Once the pictures have been excluded, set down each remaining entry word for word.

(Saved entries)
=== Section Start ===

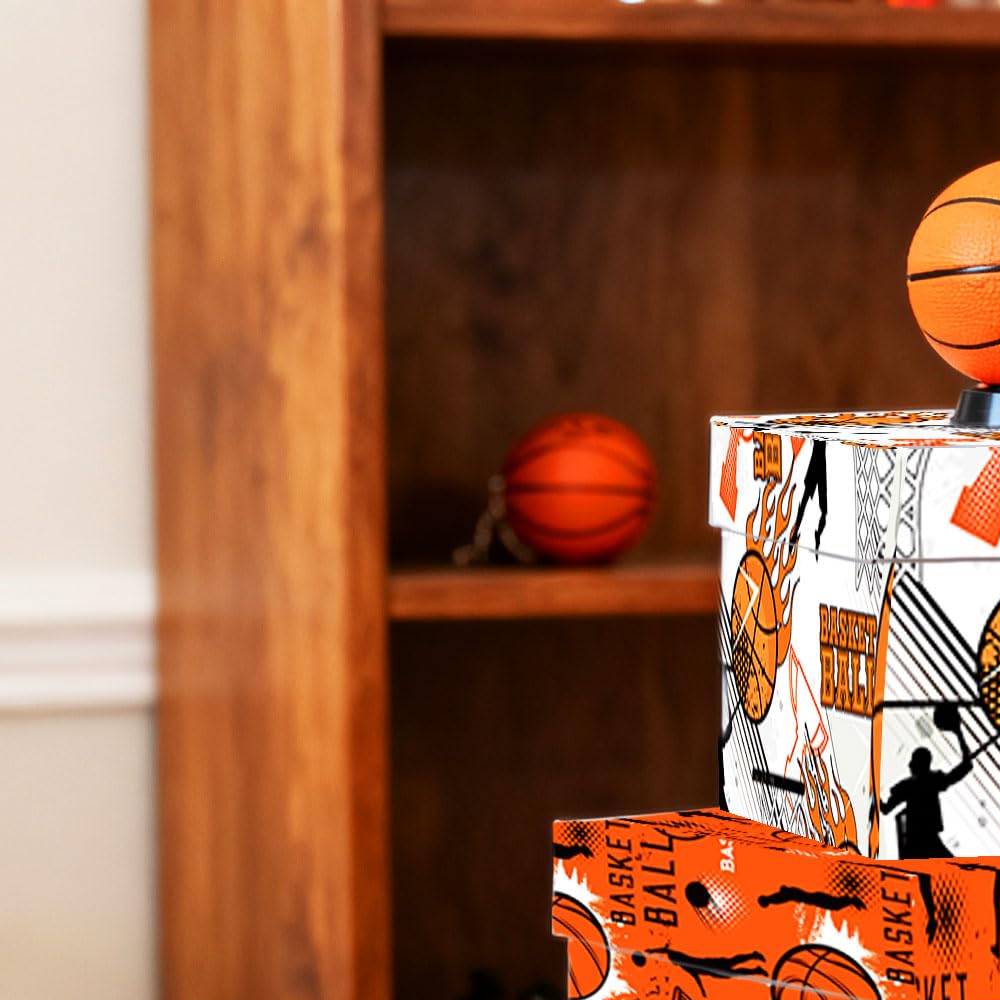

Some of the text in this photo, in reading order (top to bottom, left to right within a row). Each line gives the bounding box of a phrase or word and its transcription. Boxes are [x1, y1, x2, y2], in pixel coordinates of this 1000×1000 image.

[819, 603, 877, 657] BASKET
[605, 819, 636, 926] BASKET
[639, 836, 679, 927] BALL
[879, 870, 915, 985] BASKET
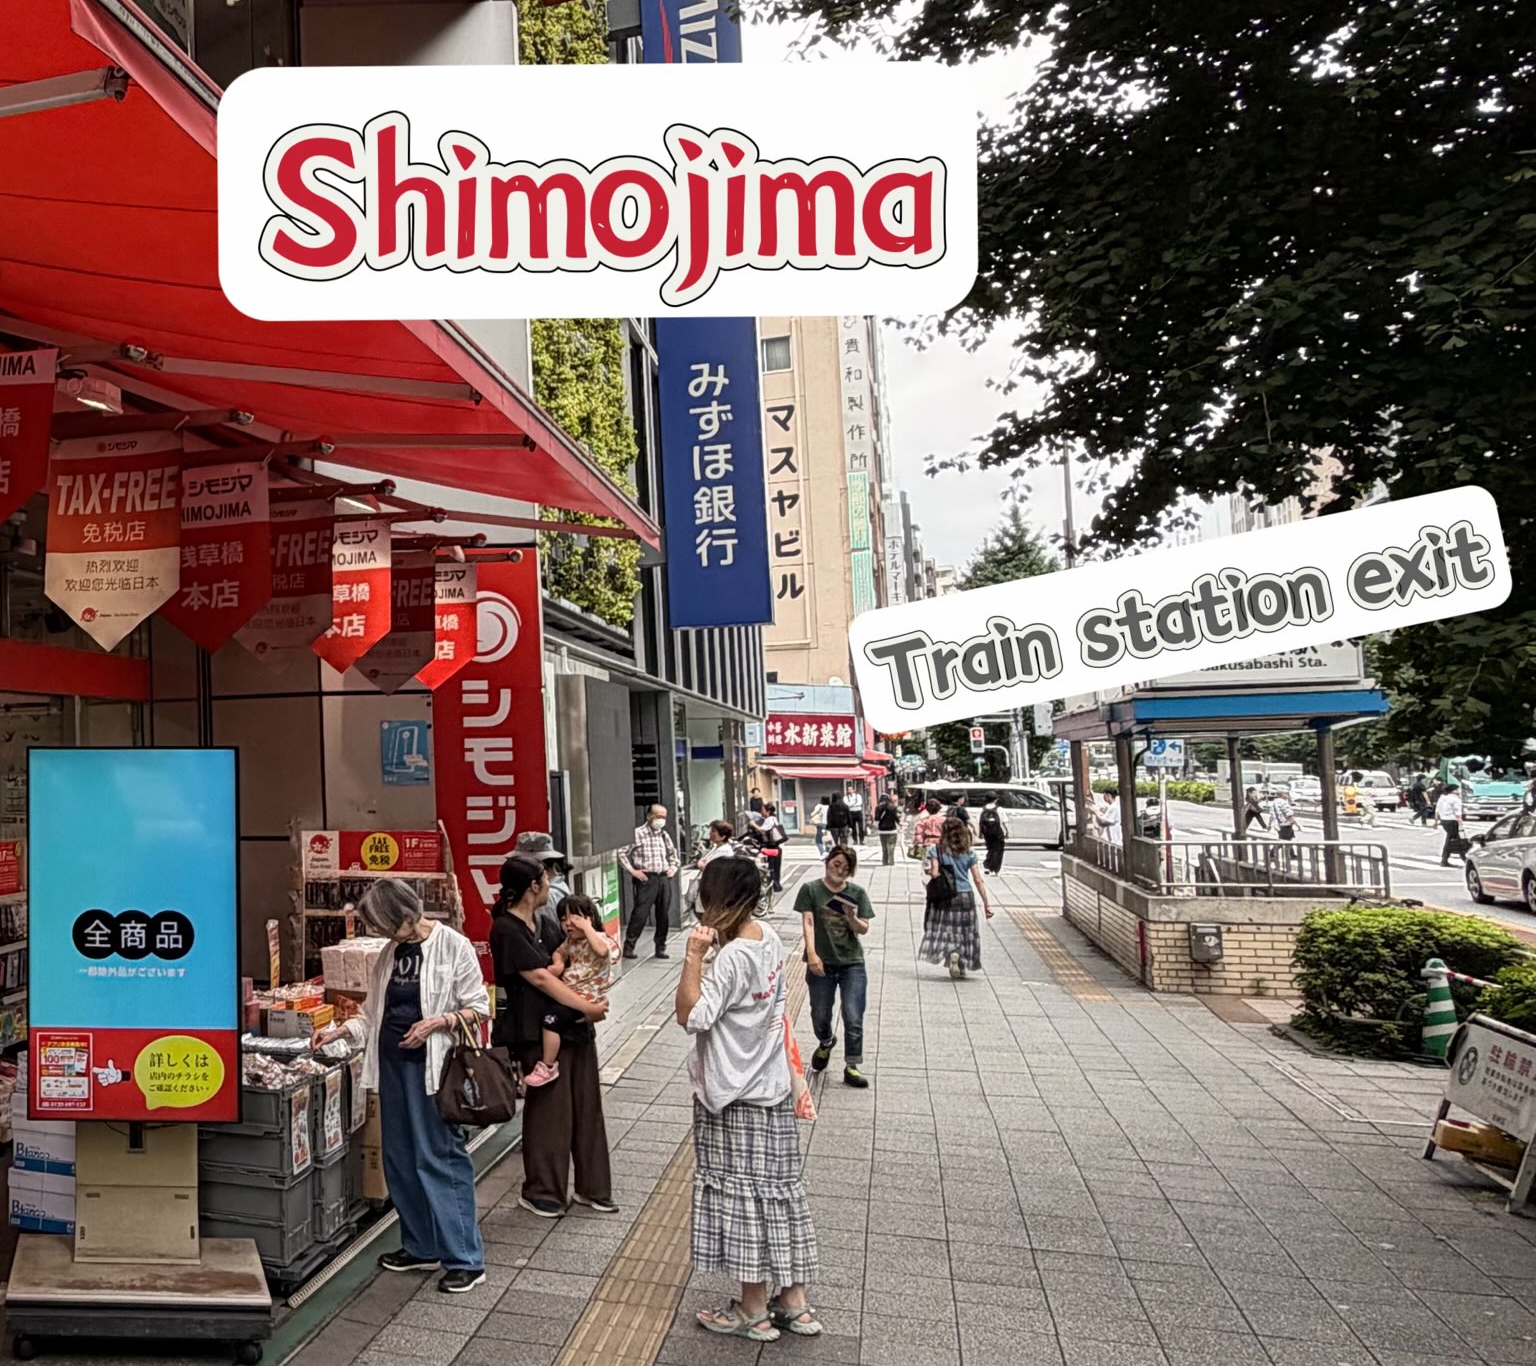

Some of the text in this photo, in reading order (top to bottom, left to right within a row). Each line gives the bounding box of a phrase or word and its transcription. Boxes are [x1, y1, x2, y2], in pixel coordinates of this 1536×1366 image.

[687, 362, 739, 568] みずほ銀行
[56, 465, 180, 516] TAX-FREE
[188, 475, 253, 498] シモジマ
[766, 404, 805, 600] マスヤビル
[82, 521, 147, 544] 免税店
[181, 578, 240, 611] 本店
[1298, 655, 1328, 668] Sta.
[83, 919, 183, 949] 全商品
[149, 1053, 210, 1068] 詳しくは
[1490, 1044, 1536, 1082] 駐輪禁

=== Section End ===

* [Answer space]
Some of the text in this photo, in reading order (top to bottom, left to right within a row). Each line gives the bounding box of a phrase or word and its transcription. Boxes are [x1, y1, x2, y2], in pixel coordinates of this 1000×1000 image.

[819, 603, 877, 657] BASKET
[605, 819, 636, 926] BASKET
[639, 836, 679, 927] BALL
[879, 870, 915, 985] BASKET

Some of the text in this photo, in reading order (top to bottom, left to right within a row). Each line gives the bounding box of a phrase or word and its transcription. Boxes are [x1, y1, x2, y2], in pixel coordinates of this 1536×1366 image.

[687, 362, 739, 568] みずほ銀行
[56, 465, 180, 516] TAX-FREE
[188, 475, 253, 498] シモジマ
[766, 404, 805, 600] マスヤビル
[82, 521, 147, 544] 免税店
[181, 578, 240, 611] 本店
[1298, 655, 1328, 668] Sta.
[83, 919, 183, 949] 全商品
[149, 1053, 210, 1068] 詳しくは
[1490, 1044, 1536, 1082] 駐輪禁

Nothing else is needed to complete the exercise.